(Free-text object descriptions)

== Segment start ==

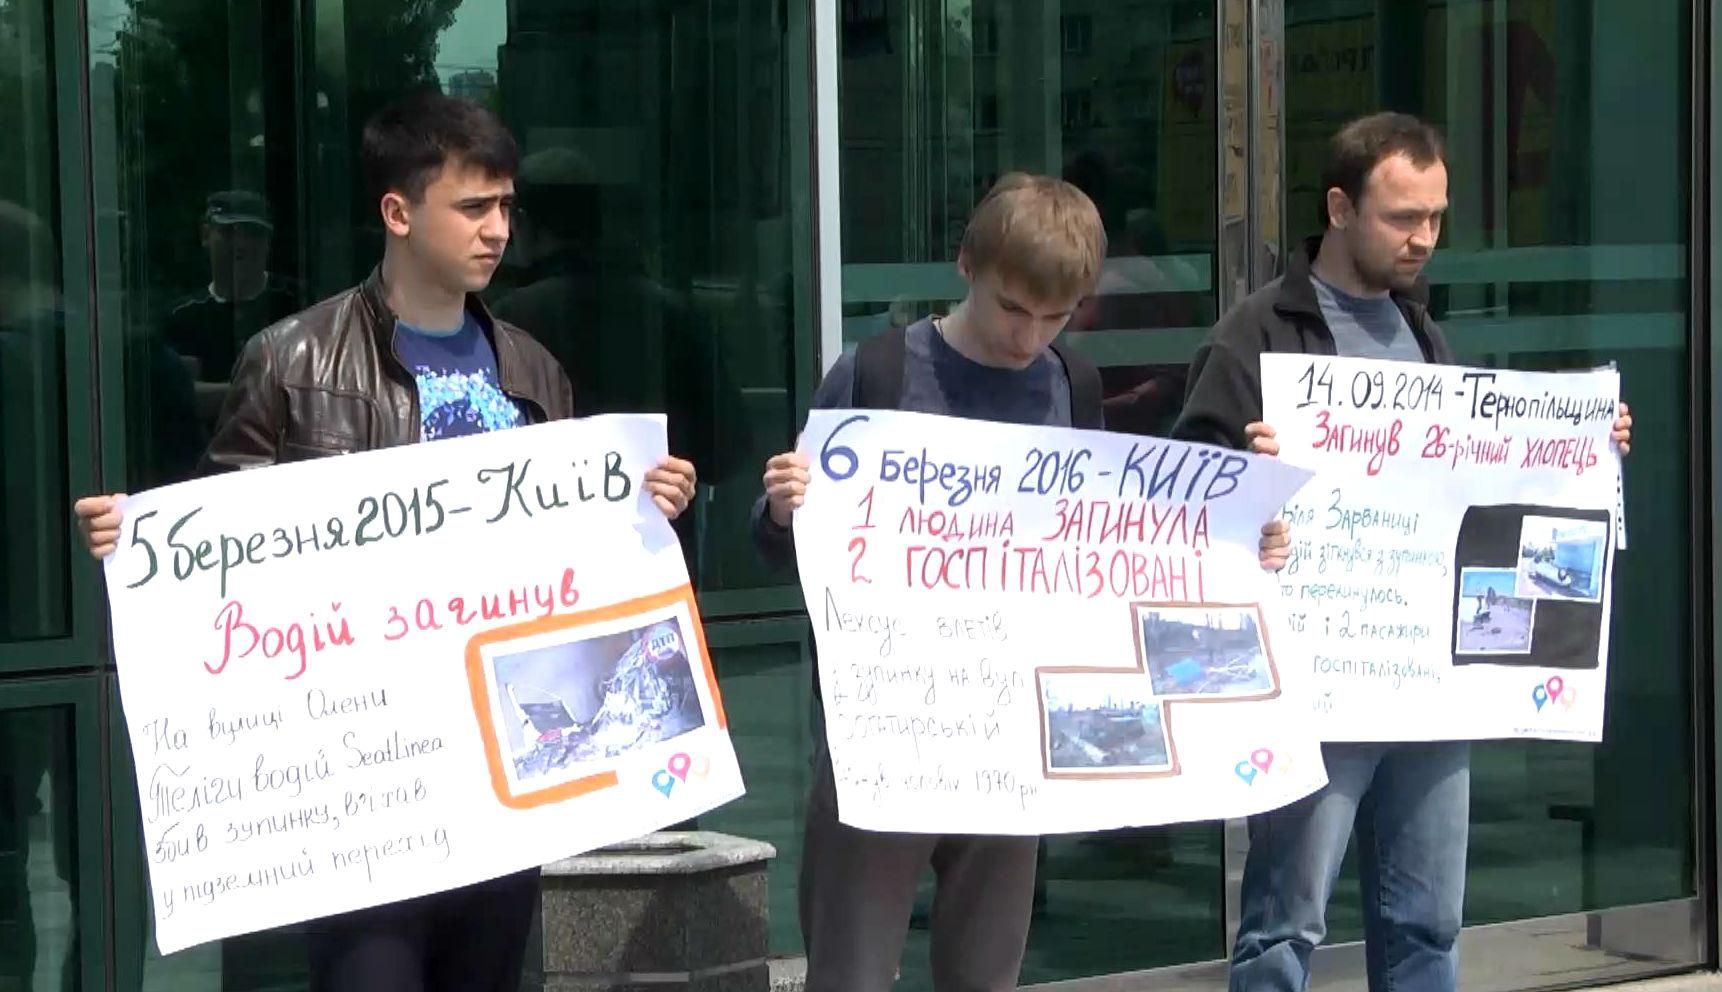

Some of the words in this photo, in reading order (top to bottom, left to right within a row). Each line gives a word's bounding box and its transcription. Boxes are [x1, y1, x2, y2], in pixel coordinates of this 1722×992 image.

[819, 415, 871, 482] 6
[879, 448, 1001, 506] Березня
[1018, 448, 1092, 497] 2016
[1119, 442, 1252, 501] КИЇВ
[851, 485, 876, 530] 1
[899, 506, 1015, 540] ЛЮДИНА
[1042, 499, 1211, 549] ЗАГИНУЛА
[127, 510, 158, 589] 5
[167, 506, 351, 598] березня
[847, 536, 873, 584] 2
[905, 541, 1204, 602] ГОСПІТАЛІЗОВАНІ
[203, 600, 357, 681] Водій
[383, 567, 581, 642] загинув
[1339, 610, 1355, 639] 2
[143, 717, 188, 754] На
[208, 707, 284, 745] вулиці
[307, 688, 388, 719] Олени
[254, 749, 335, 797] водій
[154, 821, 209, 865] збив
[183, 847, 315, 905] підземний
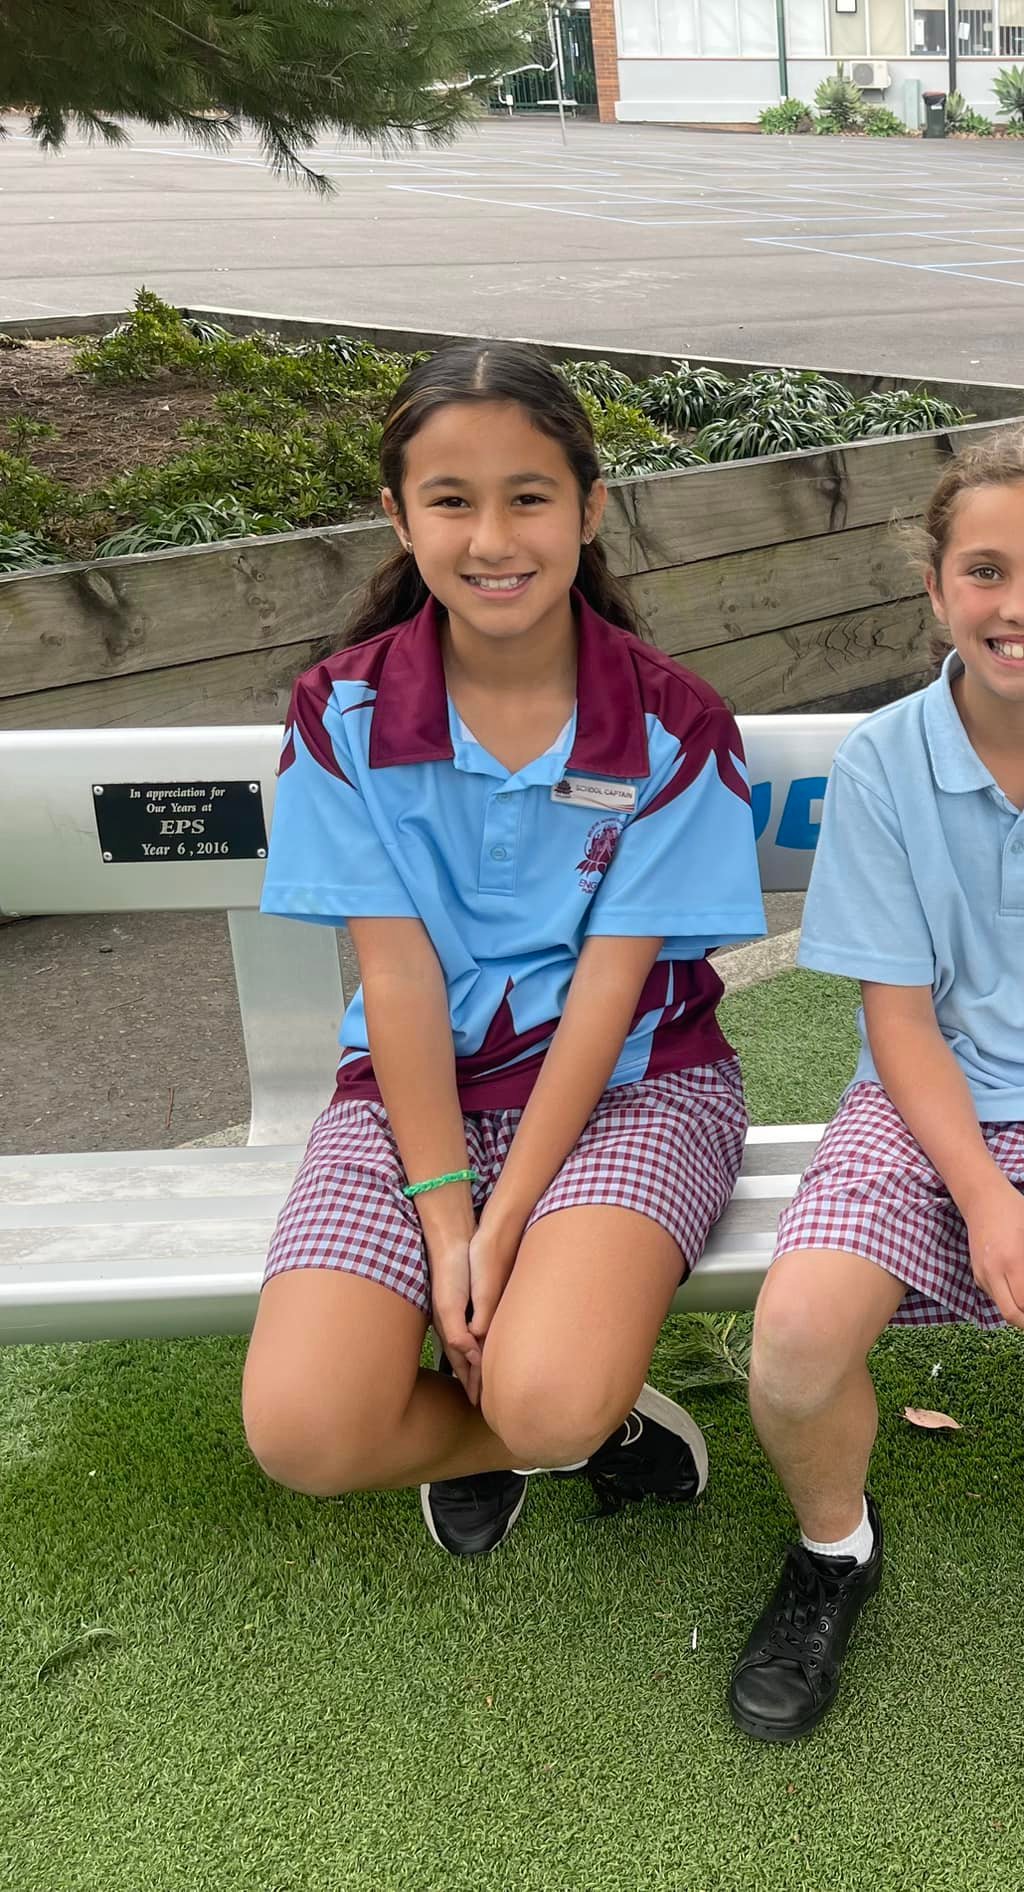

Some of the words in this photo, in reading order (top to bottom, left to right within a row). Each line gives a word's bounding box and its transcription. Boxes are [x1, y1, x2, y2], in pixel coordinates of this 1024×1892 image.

[130, 789, 141, 798] In
[146, 787, 206, 801] appreciation
[209, 787, 226, 800] for
[576, 784, 603, 794] SCHOOL
[604, 789, 632, 798] CAPTAIN
[146, 803, 166, 813] Our
[171, 803, 196, 813] Years
[201, 803, 212, 812] at
[160, 819, 205, 835] EPS
[141, 843, 170, 856] Year

== Segment end ==

> WORK TASK
From the first line to the last, set down the data exactly, without the pictures.

> WRITTEN SOLUTION
Some of the words in this photo, in reading order (top to bottom, left to right within a row). Each line gives a word's bounding box and its transcription. Boxes are [x1, y1, x2, y2], in pixel coordinates of this 1722×992 image.

[819, 415, 871, 482] 6
[879, 448, 1001, 506] Березня
[1018, 448, 1092, 497] 2016
[1119, 442, 1252, 501] КИЇВ
[851, 485, 876, 530] 1
[899, 506, 1015, 540] ЛЮДИНА
[1042, 499, 1211, 549] ЗАГИНУЛА
[127, 510, 158, 589] 5
[167, 506, 351, 598] березня
[847, 536, 873, 584] 2
[905, 541, 1204, 602] ГОСПІТАЛІЗОВАНІ
[203, 600, 357, 681] Водій
[383, 567, 581, 642] загинув
[1339, 610, 1355, 639] 2
[143, 717, 188, 754] На
[208, 707, 284, 745] вулиці
[307, 688, 388, 719] Олени
[254, 749, 335, 797] водій
[154, 821, 209, 865] збив
[183, 847, 315, 905] підземний

Some of the words in this photo, in reading order (top to bottom, left to right within a row). Each line gives a word's bounding box and its transcription. Boxes are [x1, y1, x2, y2], in pixel coordinates of this 1024×1892 image.

[130, 789, 141, 798] In
[146, 787, 206, 801] appreciation
[209, 787, 226, 800] for
[576, 784, 603, 794] SCHOOL
[604, 789, 632, 798] CAPTAIN
[146, 803, 166, 813] Our
[171, 803, 196, 813] Years
[201, 803, 212, 812] at
[160, 819, 205, 835] EPS
[141, 843, 170, 856] Year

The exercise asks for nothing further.